If your firm clears interest rate derivatives denominated in euro or Polish zloty at a Tier 2 third-country CCP and exceeds the clearing thresholds, this is your reporting obligation now. The templates look straightforward at first glance. The operational reality of populating them correctly on the first attempt is not.
I have been tracking the AAR since the EMIR 3 text was finalised in late 2024, and the gap between the regulatory text and what firms actually need to build internally is wider than the templates alone suggest.
Related reading: EMIR Reporting Explained
What the Active Account Requirement Actually Requires
The AAR was introduced by EMIR 3 (Regulation (EU) 2024/2987), which entered into force on 24 December 2024. The core obligation sits in Article 7a of the amended EMIR Regulation (Regulation (EU) No 648/2012).
Financial counterparties (FCs) and non-financial counterparties (NFCs) that are subject to the clearing obligation and exceed the clearing threshold in the derivative categories listed in Article 7a(6) must hold at least one active account at an EU-authorised CCP. The in-scope categories are interest rate OTC derivatives denominated in euro or Polish zloty, and short-term interest rate (STIR) derivatives denominated in euro.
Holding the account is not enough.

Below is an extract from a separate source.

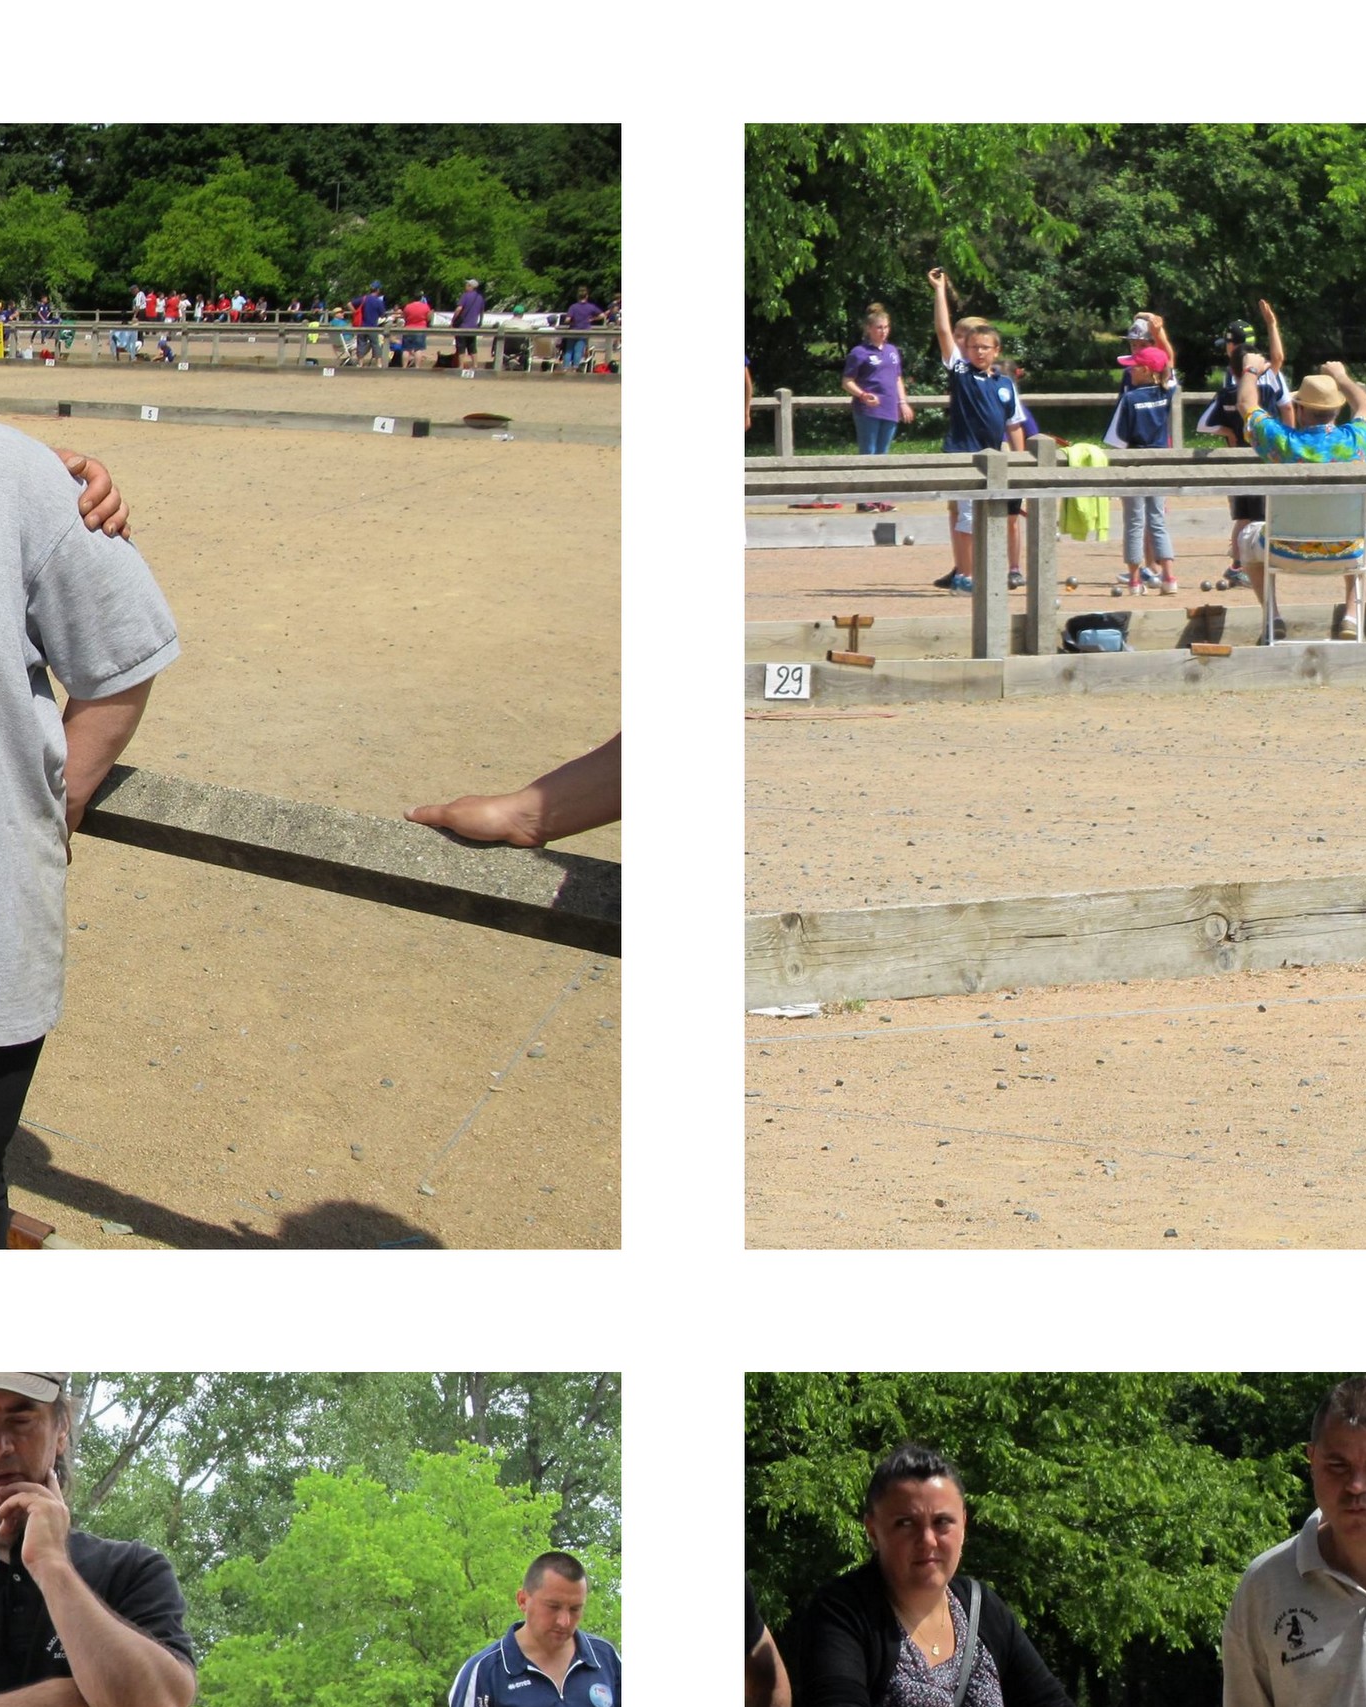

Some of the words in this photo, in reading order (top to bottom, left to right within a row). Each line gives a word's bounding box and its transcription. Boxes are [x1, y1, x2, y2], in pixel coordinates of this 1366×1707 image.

[147, 409, 153, 419] 5
[380, 421, 386, 431] 4
[774, 665, 803, 696] 29

Article 7a(3) lays out four operational requirements that must be met continuously:
- The account must be permanently functional, with legal documentation, IT connectivity, and internal processes in place (Article 7a(3)(a)).
- The counterparty must have systems and resources to use the account at short notice for large volumes (Article 7a(3)(b)).
- All new trades in the relevant derivatives must be clearable in the account at all times (Article 7a(3)(c)).
- The counterparty must clear a representative number of trades in the account (Article 7a(3)(d)).
That fourth point is where most of the complexity lives. The first three are binary operational checkboxes. The representativeness obligation involves subcategories, maturity ranges, trade size buckets, and minimum trade counts that vary by portfolio size.
A common misread is that the AAR is a simple “open an account and report” exercise. It is not. The representativeness obligation requires ongoing clearing activity at an EU CCP, not just paperwork.
Who Is in Scope
The AAR applies to FCs and NFCs that meet two conditions simultaneously:
- They are subject to the clearing obligation under Articles 4a and 10 of EMIR (either on 24 December 2024 or becoming subject thereafter).
- They exceed the clearing threshold in any of the categories referred to in Article 7a(6), individually or on aggregate across all categories.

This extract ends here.